We covered pretty much the same ground we had the first time I’d been there; he elaborated on this point or that. And then something truly amazing happened.

He was telling me once again about their first night at camp in France, when they’d slept in tents and awoke to a heavy April snowfall—they were in the mountains, after all—and how a French farmer had let all 250 of them sleep in his barn. “I was all right, I slept up above. But some of the guys were down with the horses,” he recalled with a wry grin. And then he added: “Say, that reminds me of something I didn’t tell you last time.”

To convey just how remarkable that statement was, and how stunned I was to hear it, I have to start by reiterating something J. Laurence Moffitt had told me the first time I met him: that his long-term memory was excellent, though his short-term memory was failing. Many of the veterans I interviewed—though not Mr. Moffitt—didn’t recognize me the second time I visited (though of course they all had the good grace to fake it); they had completely forgotten our first meeting. Most of them, in fact, couldn’t remember what they had eaten for breakfast that morning, even though they could recall quite vividly things they’d done and said eighty, ninety, a hundred years earlier. That’s the way the human memory works: last in, first out.

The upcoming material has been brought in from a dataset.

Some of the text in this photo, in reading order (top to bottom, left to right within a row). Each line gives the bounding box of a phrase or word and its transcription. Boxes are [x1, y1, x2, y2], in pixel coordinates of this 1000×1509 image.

But I hadn’t seen Art Fiala in nineteen months. And the last time I had seen him, he’d been desperately ill, so weak he could only speak for an hour or so before he had to go to sleep. And yet, not only had he remembered our earlier visit—that was clear from the first moment I saw him again—but he actually remembered what he had and hadn’t told me before. I couldn’t do that, and I was almost seven decades younger than he. (He was also able to go off on long tangents—some that lasted twenty minutes or so—and somehow always return to the point of departure. Another skill that eludes me.)

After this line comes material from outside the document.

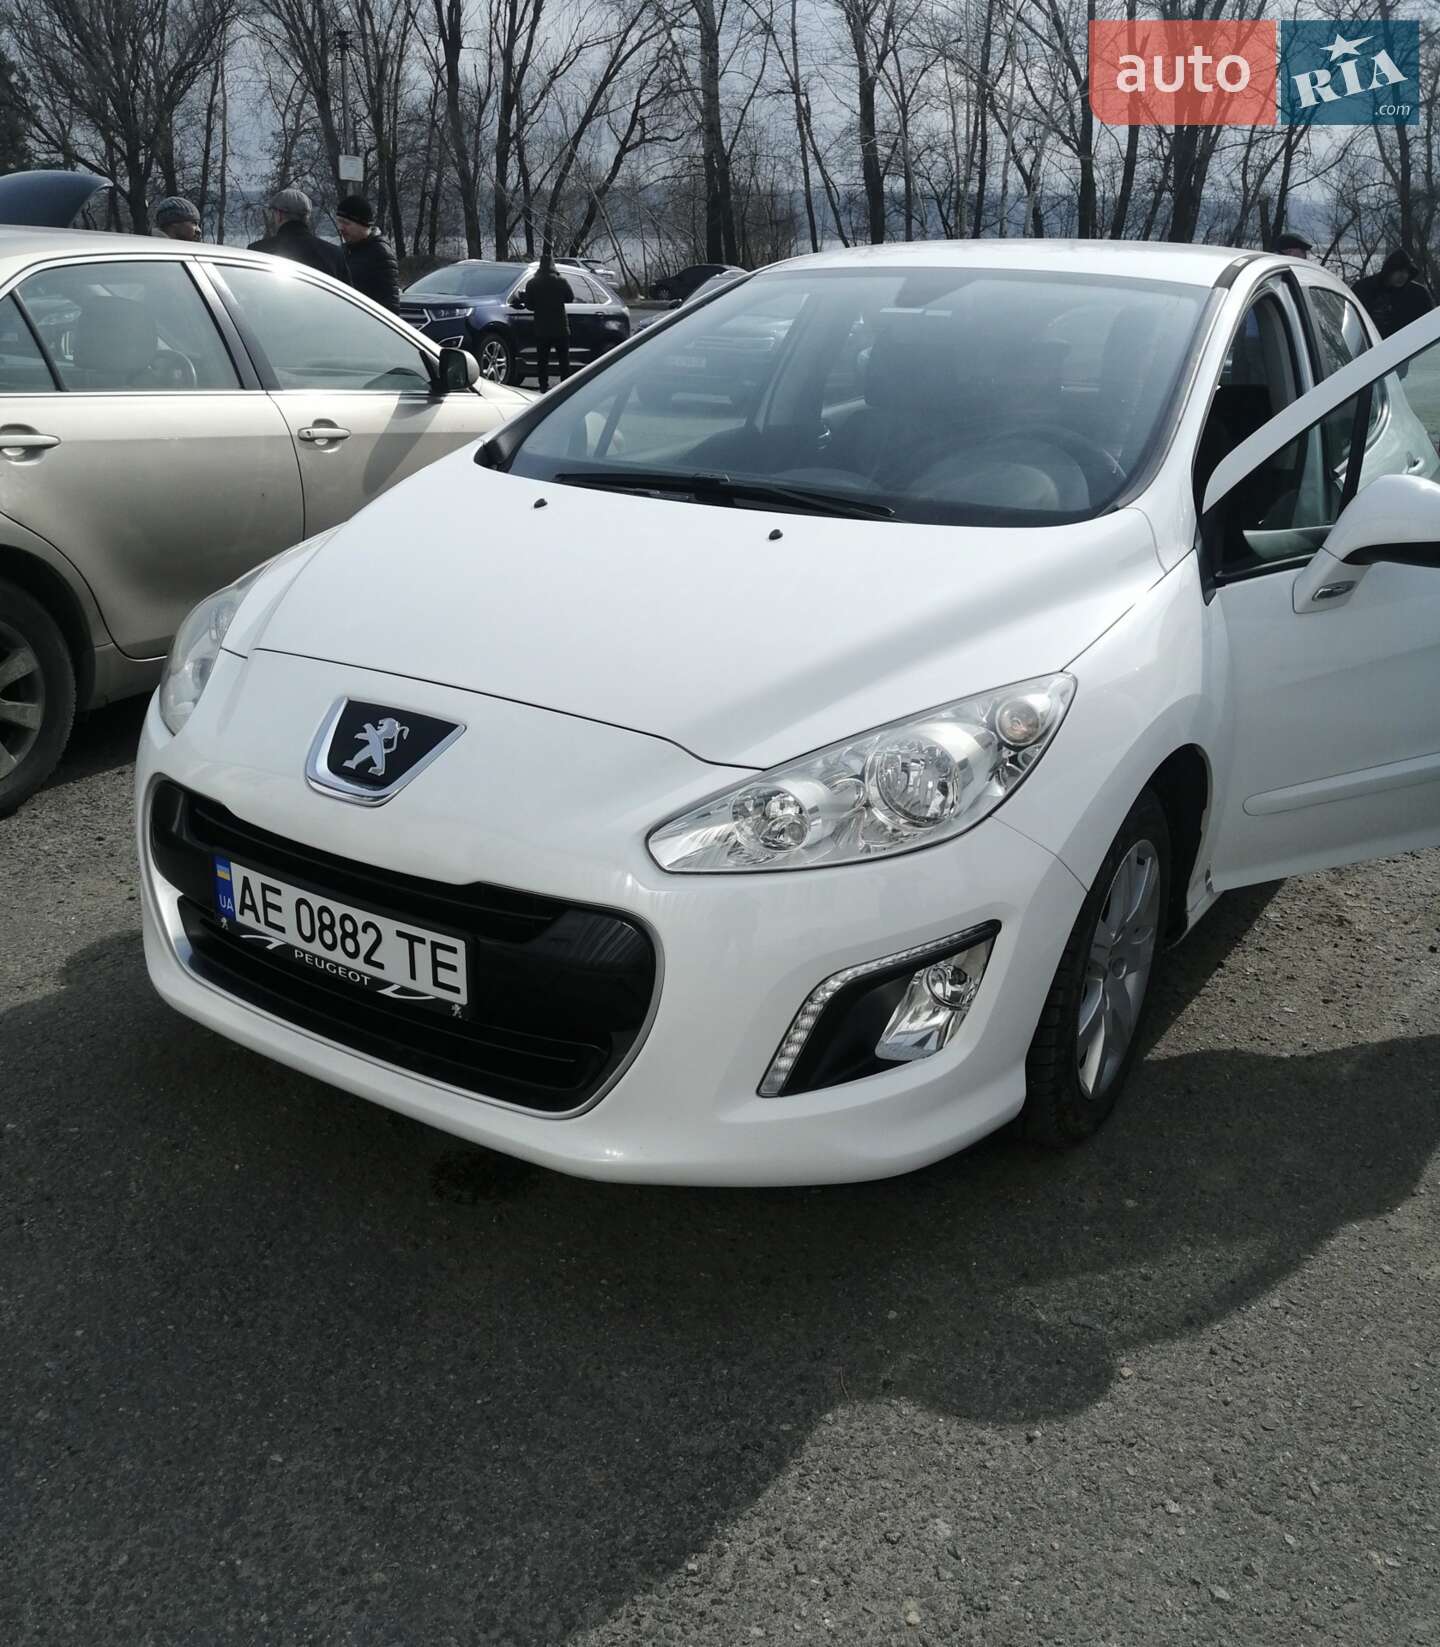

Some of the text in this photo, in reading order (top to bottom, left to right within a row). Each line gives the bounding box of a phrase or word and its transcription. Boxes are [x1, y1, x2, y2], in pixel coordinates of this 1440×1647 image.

[219, 894, 235, 912] UA
[238, 875, 462, 995] AE 0882 TE
[294, 949, 372, 987] PEUGEOT

“Say, that reminds me of something I didn’t tell you last time. When we were situated up in that plateau,” he recalled, “I had a little time, and I walked up the mountain farther and I struck a little town, a little town up there. And when I got up on top there, the first thing I noticed, the women had wooden shoes and had a stick across their shoulders carrying two pails of milk going across the road there. And like me, it didn’t take me long to get acquainted with the people there, and they invited me into their home to see what they had there. And did you know that they had their cows in the same room in the house with them? There was a partition there, and you could go in the kitchen and sit there, talk and hear the cows mooing. That’s the way it is. Oh, I’ll tell you, it’s so much different. And there was a guy that used to come up, they had logging, he would come up there with a double wagon of some kind and you know that man would come up there in the morning and go back in the evening with one log. Yes, that’s all they had, a wagon and two parts and got that log on there. But just think of it, you work all day for that.”

So Private Fiala goes off to France, and no sooner does he get there than he stumbles into an Alpine Brigadoon. That was him; and that was his war.

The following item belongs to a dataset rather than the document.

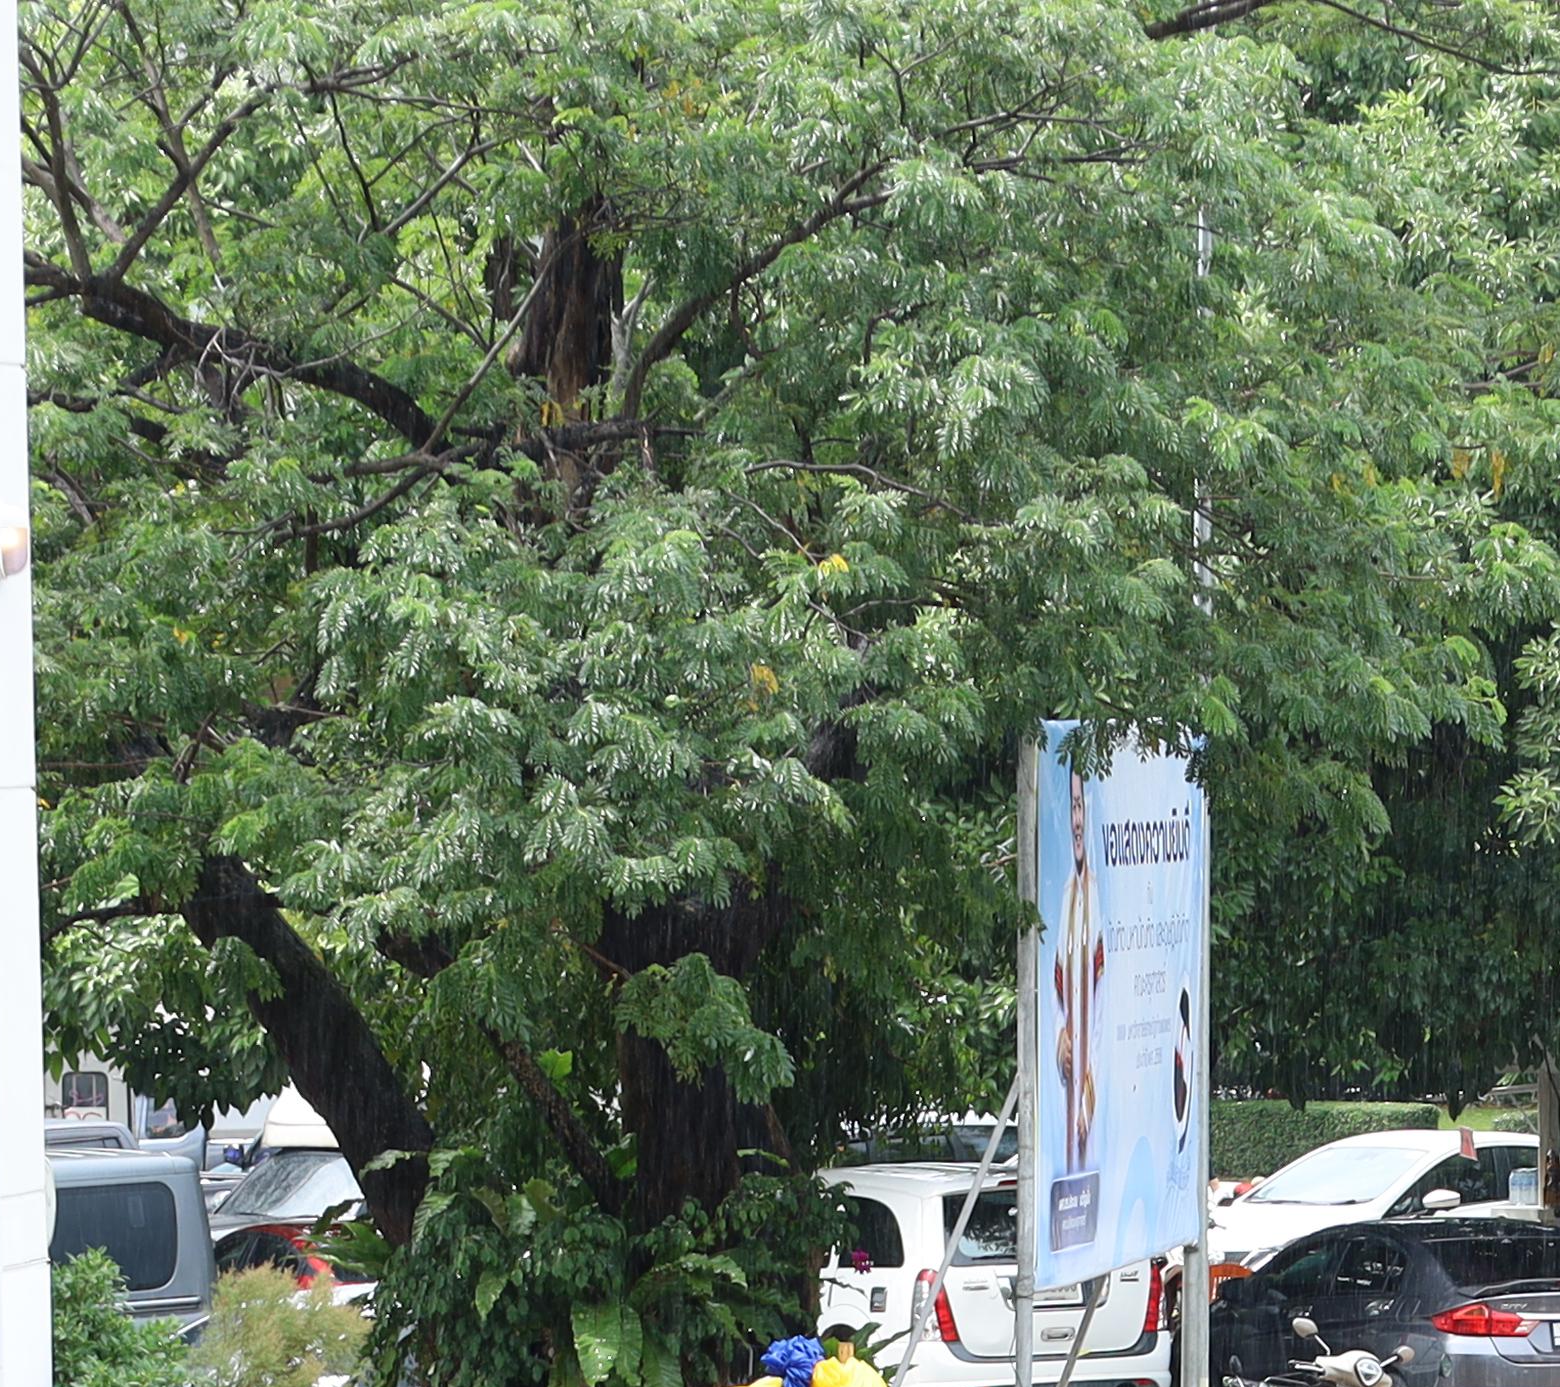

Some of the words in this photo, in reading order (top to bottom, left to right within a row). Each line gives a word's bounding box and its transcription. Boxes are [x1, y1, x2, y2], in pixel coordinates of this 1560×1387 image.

[1102, 800, 1191, 867] ขอแสดงความยินดี

He passed away seven months later, just before Thanksgiving. He died where he’d been born, where he’d lived for just about every one of his 106 years, not far from every place he’d ever spent any considerable stretch of time. Except one, of course. Were it not for the Great War, he almost certainly would have never traveled to a place so distant, and strange, as France was to him.

“The first time I went into a restaurant [there],” he’d told me during that second visit, “we didn’t know what to ask for. We started crowing like a chicken. And finally they know we wanted eggs. That’s the way we got it.”

“You just sat down in a restaurant and started crowing like a chicken?” I asked. “But what if they’d brought you a chicken instead?”

“Well,” he said, “that would have been OK, too.”